The Borders' website credits their success to, "a revolutionary inventory system that tailored each store's selection to the community it served." In other words, they applied small bookstore strategy--get to know the particulars of a customer's reading habits--on a larger scale. Since Google has chosen Ann Arbor as one locus of its nascent megalibrary, I got to thinking, what might these two distributors have in common (besides A2)? Google might be taking a cue from Borders when it designs the cyberlibrarian to accompany its digital collection. The small bookstore owner learns, through interaction, what a particular community wants. Borders' inventory system tracked what the client was buying and selling. Google may, likewise, be able to track your buying and selling, your searching and asking. Perhaps the automaton Google librarian will "know" you based on information accumulated by all the various Google searches you have conducted. Problem is, that's marketing strategy, not educational strategy. Will the Google librarian be able to make intuitive leaps leading the browser to things he/she is not familiar with rather than to more of what he/she already knows? How will search engines answer the need for this kind of expertise?

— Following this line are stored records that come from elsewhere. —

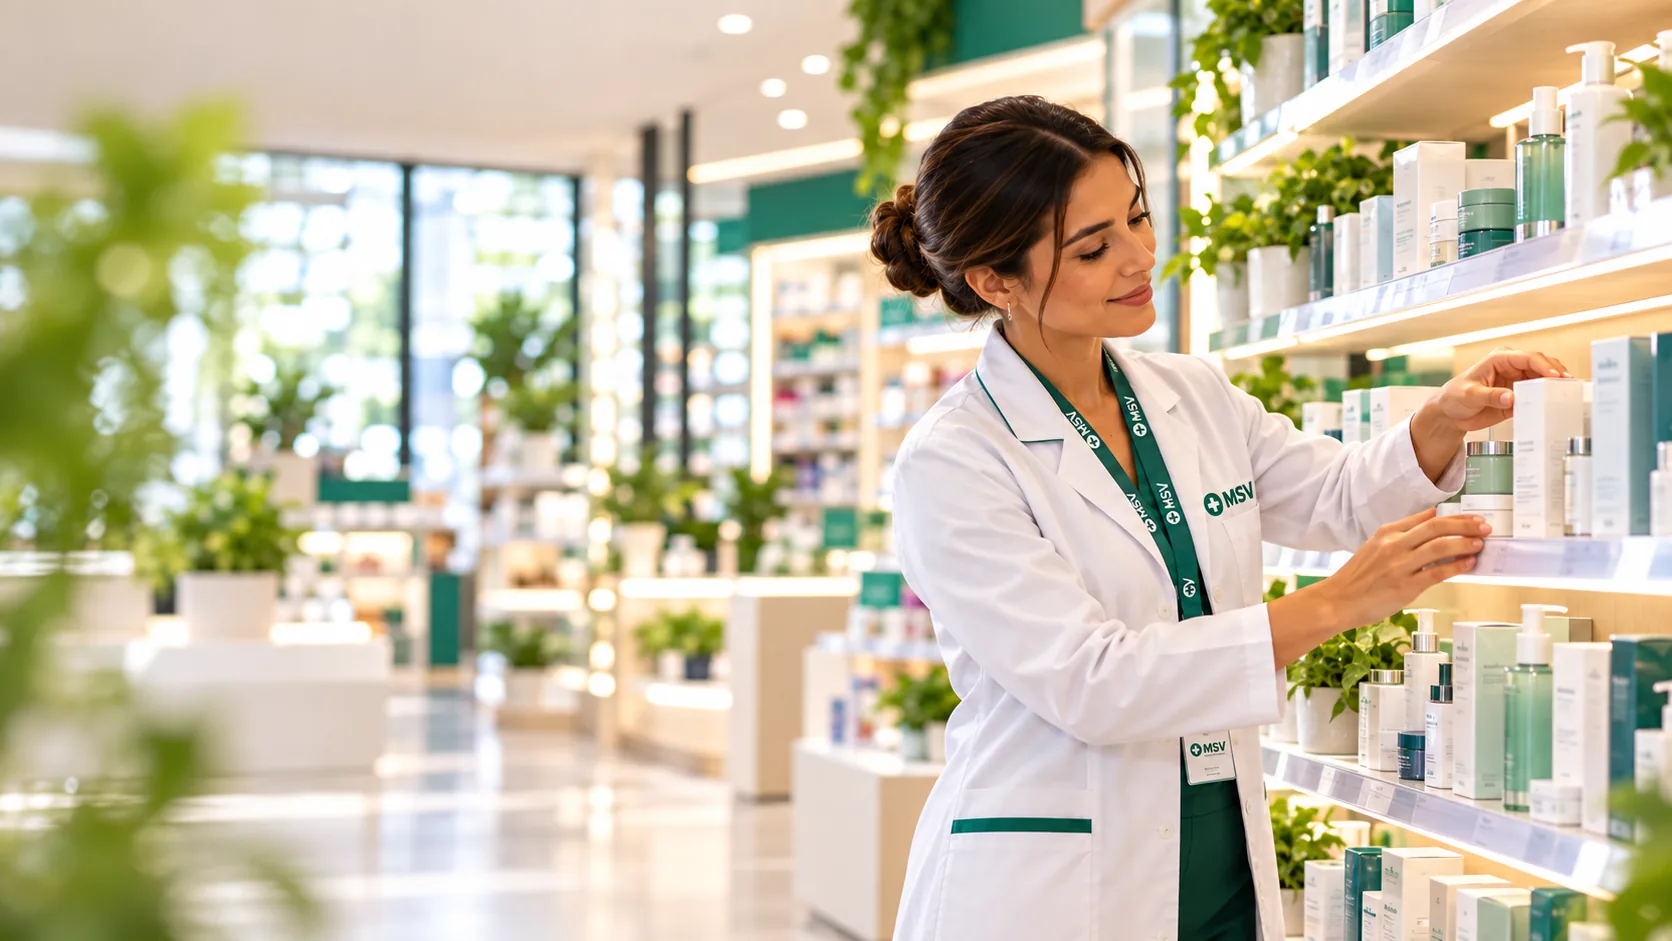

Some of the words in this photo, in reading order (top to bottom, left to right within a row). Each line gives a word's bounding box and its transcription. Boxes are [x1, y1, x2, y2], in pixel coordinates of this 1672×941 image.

[1124, 396, 1142, 421] MSV
[1066, 411, 1090, 436] MSV
[1126, 493, 1148, 520] MSV
[1156, 483, 1175, 508] MSV
[1223, 482, 1253, 507] MSV
[1203, 741, 1226, 753] MSV
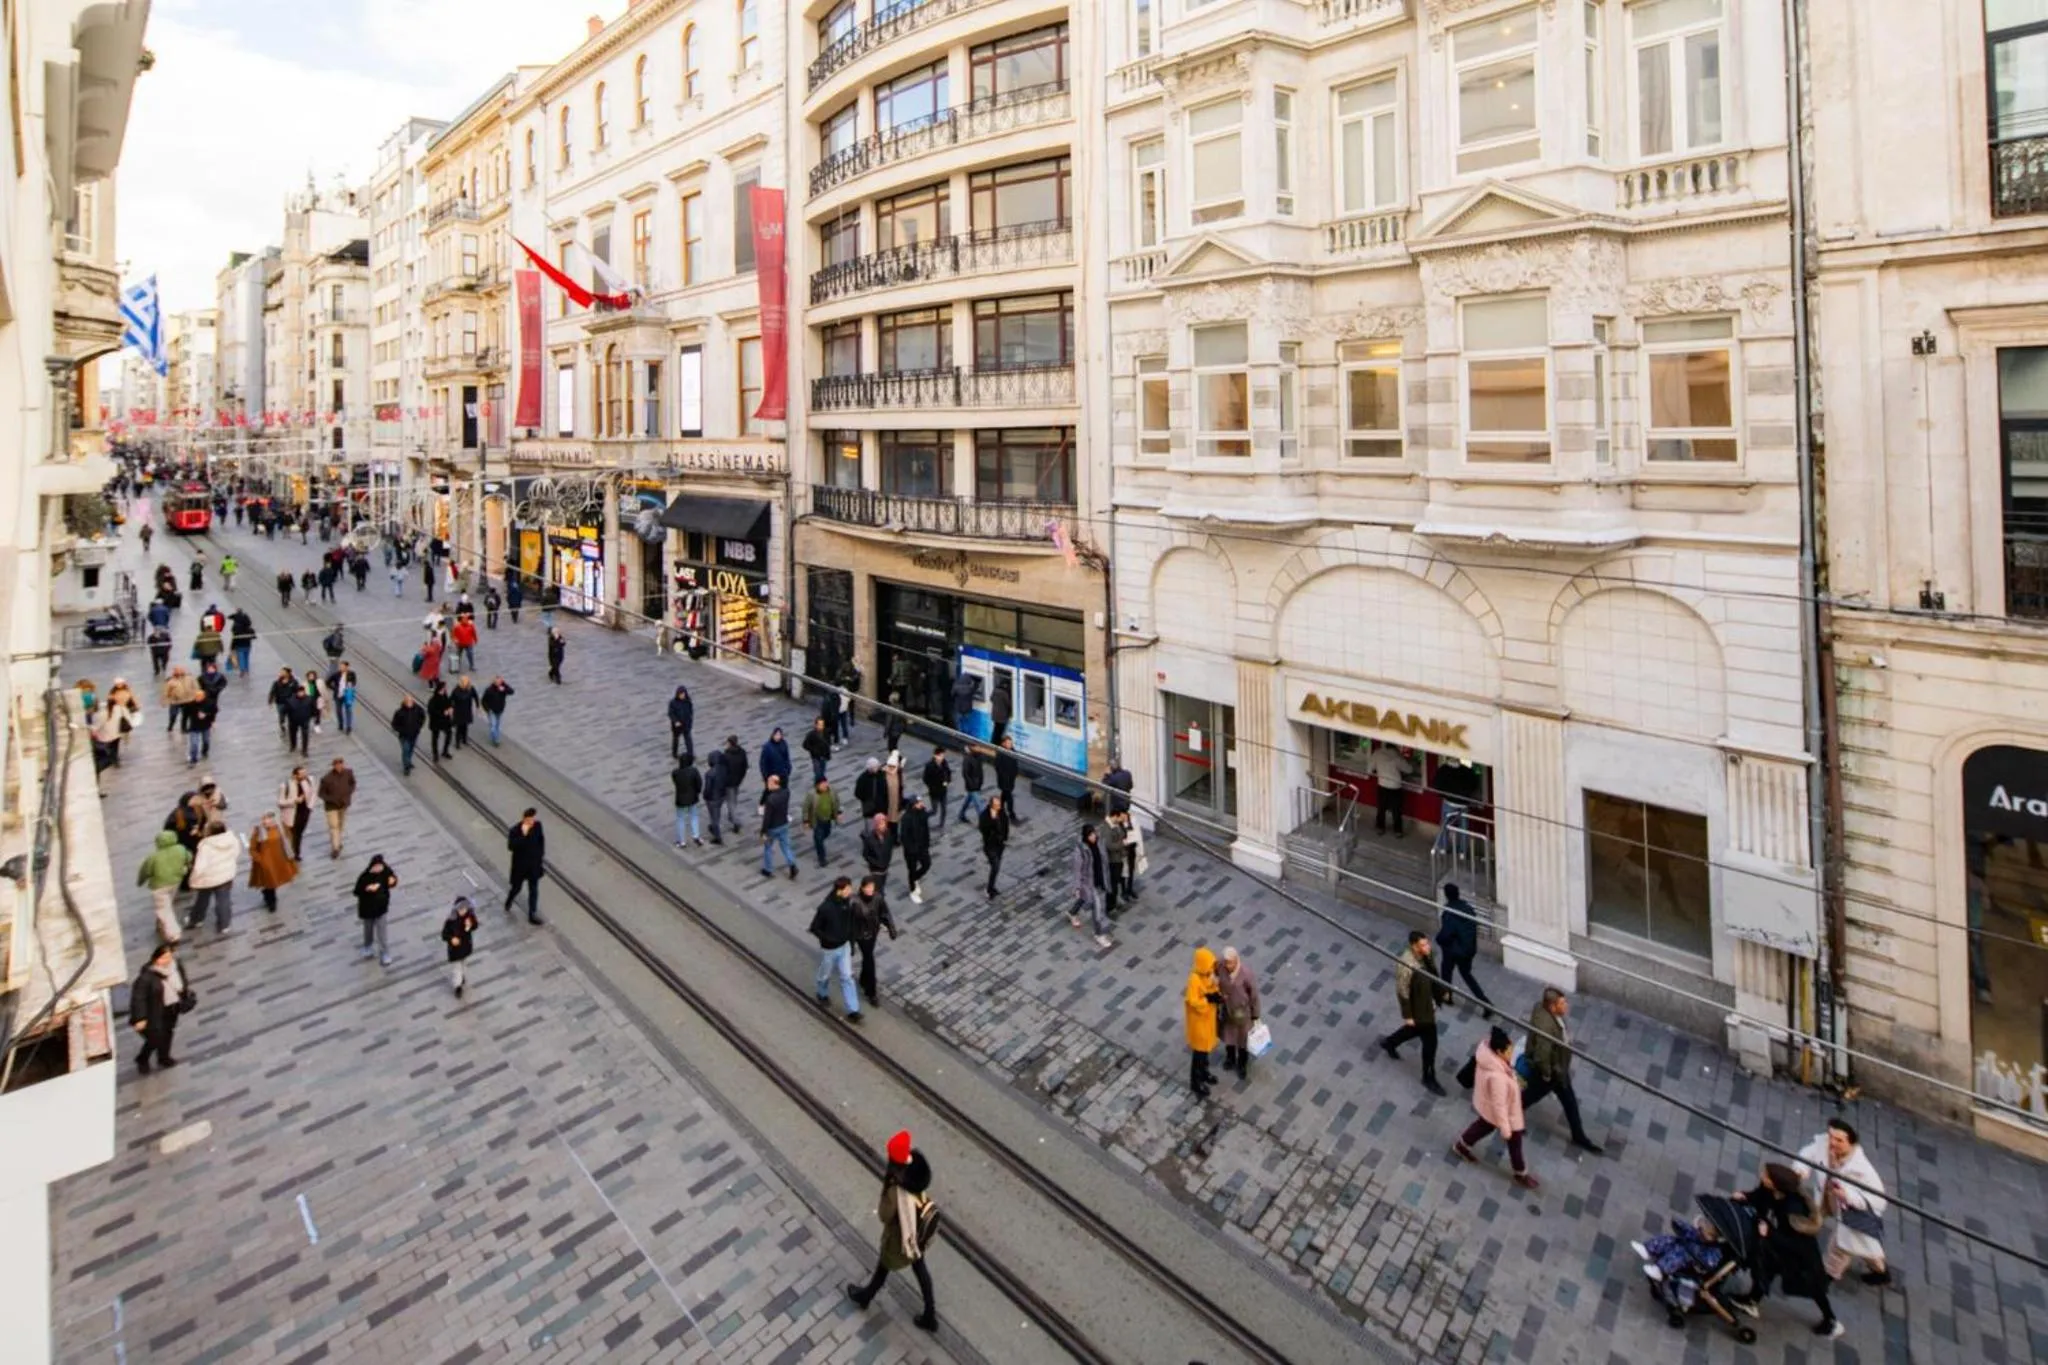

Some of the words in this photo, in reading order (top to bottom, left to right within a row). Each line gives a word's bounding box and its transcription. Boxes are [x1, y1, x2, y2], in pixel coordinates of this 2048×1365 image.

[666, 452, 704, 470] ATLAS
[724, 540, 756, 562] NBB
[708, 568, 749, 597] LOYA
[1300, 692, 1471, 750] AKBANK
[1989, 784, 2048, 817] Ara

Posted by kim white at 1:27 PM | Comments (1)

closing down salinas Post date  01.03.2005, 3:05 PM

SLibrary.jpg The 150,000 citizens of Salinas, California will soon be without a single public library - a drastic measure taken by the city to solve a drastic budget crisis. After a pair of last-minute ballot measures failed to win funds for the city's embattled libraries, the doors will soon close on what is for many curious minds, the only resource in town.

Is the local community library going extinct? (image: John Steinbeck Library, Salinas)

Posted by ben vershbow at 3:05 PM | Comments (0)

after a holiday visit to ann arbor: the u of m library & google Post date  01.01.2005, 5:21 PM

I have fond memories of studying in the University of Michigan libraries, (as a high school student, and later as a U of M undergraduate). The physical space of the library, the seemingly endless stacks of books, which allowed deep exploration of even the most obscure topics, and gave me a sense of how vast, (and how limited) the universe of human thought really is. How is this going to be translated in the virtual space of Google's digital library?

Isn't it the job of the University library to provide a young scholar with opportunities to "see" the scope of human knowledge? While at the same time, offering a kind of temple space for the engagement of these books. Without the marble staircases, the chandeliers, the stone pilasters, the big oak tables, the reference room, the stained glass windows, the hushed silence, how will we get the message that books are important, and that understanding them requires a particular "space." The physical space of the library serves as a metaphor and a reminder of the serious mental space that needs to be carved out for productive study. What will we lose when that space becomes "virtual?" Are we "saving" space by putting everything in the computer? Or are we losing it?